Tessie joined the woman in the parlor. She took a seat on one of the chairs opposite the sofa. The woman--Anne-Marie, Tessie once more reminded herself—removed the purse from her shoulder and set it on the coffee table between them.
“You’d like to have a memory preserved,” Tessie said. “Is that right?”
“Yes,” Anne-Marie answered. Then she cocked her head and, with an almost meek expression, said, “I was hoping you’d explain it to me first. How it works, I mean.”
“Oh yes, of course,” Tessie said. “I always go over the process before we start, just to ensure you’re comfortable with everything. Would you like to just dive right in, then?”
Anne-Marie didn’t answer, and instead looked around distractedly, taking in the parlor and its decor. Perhaps too nervous to begin right away, Tessie thought. Oftentimes her clients became anxious once they were seated and about to begin. The memories they came to preserve or the circumstances surrounding them were traumatic or fresh, which sometimes led to second-guessing. Except Anne-Marie didn’t come across as anxious or hesitant, really. In fact, as she looked about the room, that comfortable gaze of hers remained relaxed as ever, and she almost seemed… disinterested? She observed the fireplace, then the mantel above.
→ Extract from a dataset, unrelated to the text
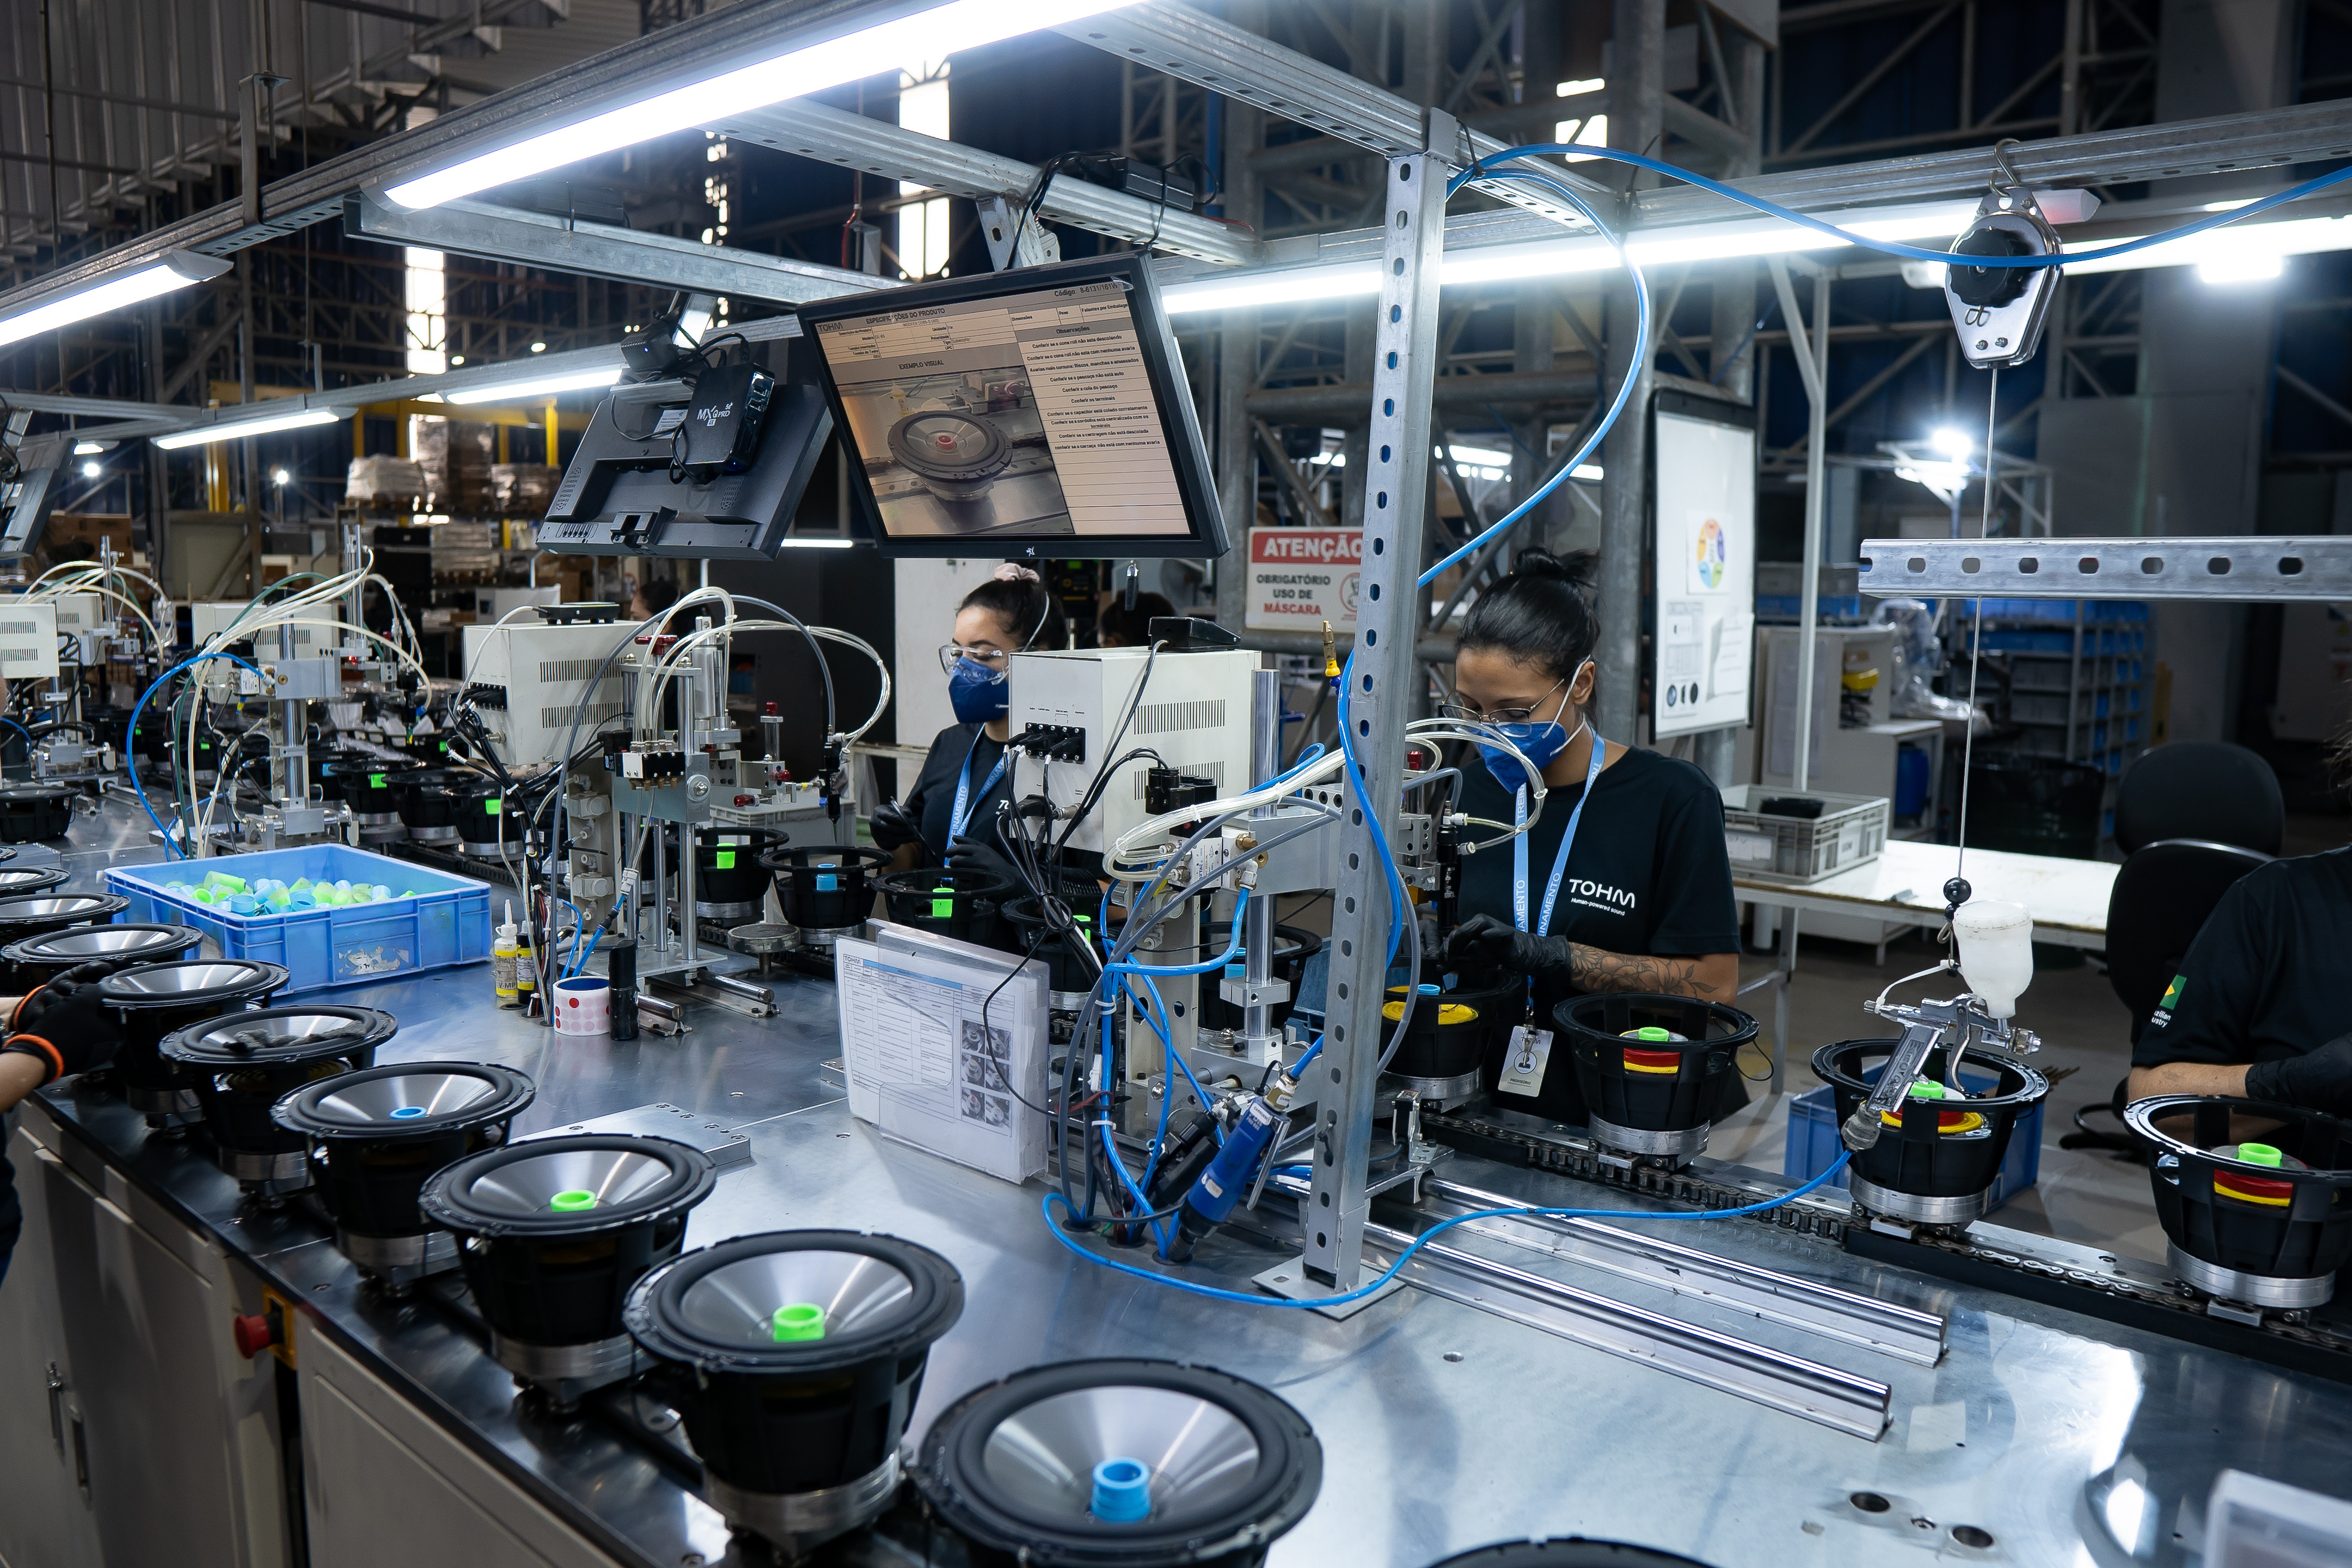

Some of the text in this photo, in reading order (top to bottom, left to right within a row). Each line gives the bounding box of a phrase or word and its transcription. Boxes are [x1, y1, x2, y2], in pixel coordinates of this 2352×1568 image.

“Are those your grandparents' urns, I presume?” she asked suddenly, and with her head still turned toward them, her eyes looked to Tessie expectantly.
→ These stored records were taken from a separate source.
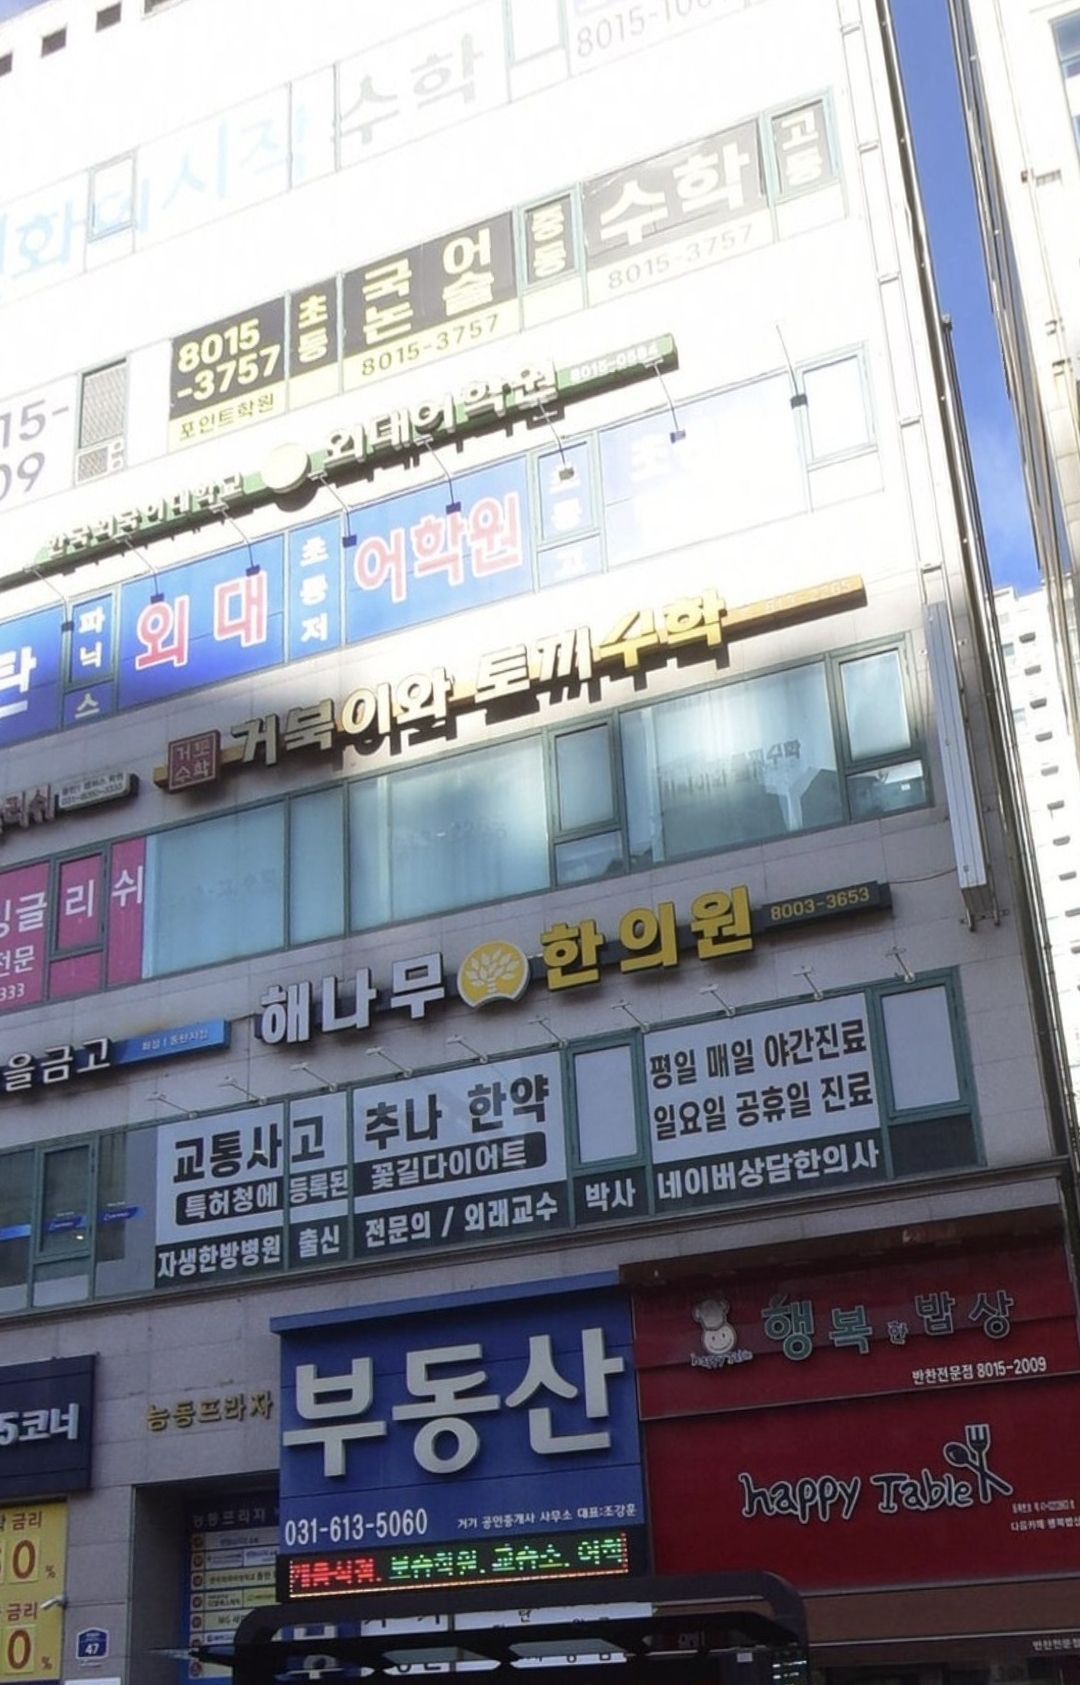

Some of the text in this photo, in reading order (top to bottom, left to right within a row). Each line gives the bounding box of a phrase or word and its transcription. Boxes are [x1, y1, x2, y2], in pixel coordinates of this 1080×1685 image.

[599, 141, 752, 246] 수학
[608, 223, 754, 290] 8015-3757
[177, 317, 261, 374] 8015
[298, 294, 329, 364] 초등
[361, 313, 499, 378] 8015-3757
[176, 344, 281, 402] -3757
[181, 392, 275, 440] 포인트학원
[353, 490, 524, 604] 어학원
[299, 535, 329, 643] 초등저
[74, 605, 107, 720] 파닉스
[229, 666, 456, 766] 거북이와
[260, 883, 870, 1044] 해나무 한의원 8003-3653
[3, 1037, 112, 1092] 을금고
[649, 1018, 868, 1091] 평일 매일 야간진료
[365, 1073, 550, 1151] 추나 한약
[653, 1070, 874, 1141] 일요일 공휴일 진료
[172, 1115, 326, 1184] 교통사고
[184, 1139, 527, 1220] 특허청에 등록된 꽃길다이어트
[157, 1233, 281, 1279] 자생한방병원
[297, 1224, 340, 1259] 출신
[365, 1209, 432, 1249] 전문의
[464, 1191, 558, 1233] 외래교수
[584, 1177, 637, 1212] 박사
[657, 1138, 880, 1200] 네이버상담한의사
[282, 1327, 626, 1478] 부동산
[911, 1356, 1048, 1387] 반찬전문점 8015-2009
[146, 1391, 275, 1433] 능동프라자
[12, 1511, 43, 1530] 금리
[284, 1507, 429, 1547] 031-613-5060
[481, 1510, 536, 1530] 공인중개사
[539, 1508, 574, 1524] 사무소
[738, 1467, 974, 1525] happy Table
[6, 1601, 38, 1622] 금리
[84, 1642, 101, 1656] 47
“Oh, those?” Tessie turned to see them over her shoulder. “No, actually, those are my parents.”
“Oh dear, your parents? They went far too young, surely.”
“That they did,” Tessie agreed.
“How did it happen?” Anne-Marie gave Tessie her full attention now, genuinely curious. “If it’s not too much to ask.”
“No, not at all,” Tessie said. She understood that sometimes it helped to relax someone in Anne-Marie’s position by opening up herself, relating with something personal. “It was a sudden, unexpected kind of thing. They were both in an accident. A bad one.”
“I see. How terrible.”
Anne-Marie looked to the urns a second time, eyes lingering.
“Any children of your own?” she asked. She looked to Tessie once more, then toward the doorway to the hall. “Lisa, was it?”
“Oh, no,” Tessie said. She stumbled over her words a bit, flustered. “Well, technically no children of my own. Lisa is… my niece. Adopted.”
Anne-Marie smiled and nodded once, very slowly. Chin up, then down, as if understanding some great secret.
“I see,” she said. “Just the two of you, then?”
Tessie swallowed. It was only a brief moment, hopefully nothing to be noticed, but she eyed the woman on her sofa with a slitted gaze, suddenly skeptical of her curiosity. These questions seemed all at once purposeful. Leading. But as quickly as she suspected it, Tessie shrugged it off.
And then she lied anyway.
“Yes, just the two of us,” she answered.
Once more Anne-Marie nodded in that slow, deliberate way. Chin up, then down.
“A little family business, then,” she said. “That’s nice.”
Tessie sniffed, an awkward silence suspended, then looked to the woman’s bag resting on the coffee table.
“Shall we get started?”
“Oh, yes, of course,” Anne-Marie said. “Please.”
“So as I explained a little over the phone,” Tessie said, “how this works is: with my guidance, thinking intently on the memory you’d like to preserve while holding the object you’d like to be imbued, I’ll use the power of my touch to make the connection as well as the transfer.”
Anne-Marie listened with an oddly plain expression, practically unblinking as if waiting for Tessie to finish with her spiel.
“You brought the object you’d like charmed?” Tessie asked.
“Mmm, yes,” Anne-Marie said, and leaned forward for her bag. She unzipped it and plunged her hand inside, rummaging. “It’s in here somewhere.”
She picked up the bag and set it on her lap, pulling it open to properly search through whatever else lay inside. Finally her eyes widened as she found what she searched for. As she proceeded to pull the object out, Tessie’s eyes widened likewise. To her growing discomfort, the woman produced a single shoe—a small child’s white sneaker, to be precise, only it wasn’t as white as it probably once was, or was meant to be.
The tiny sneaker Anne-Marie held was stippled with blood.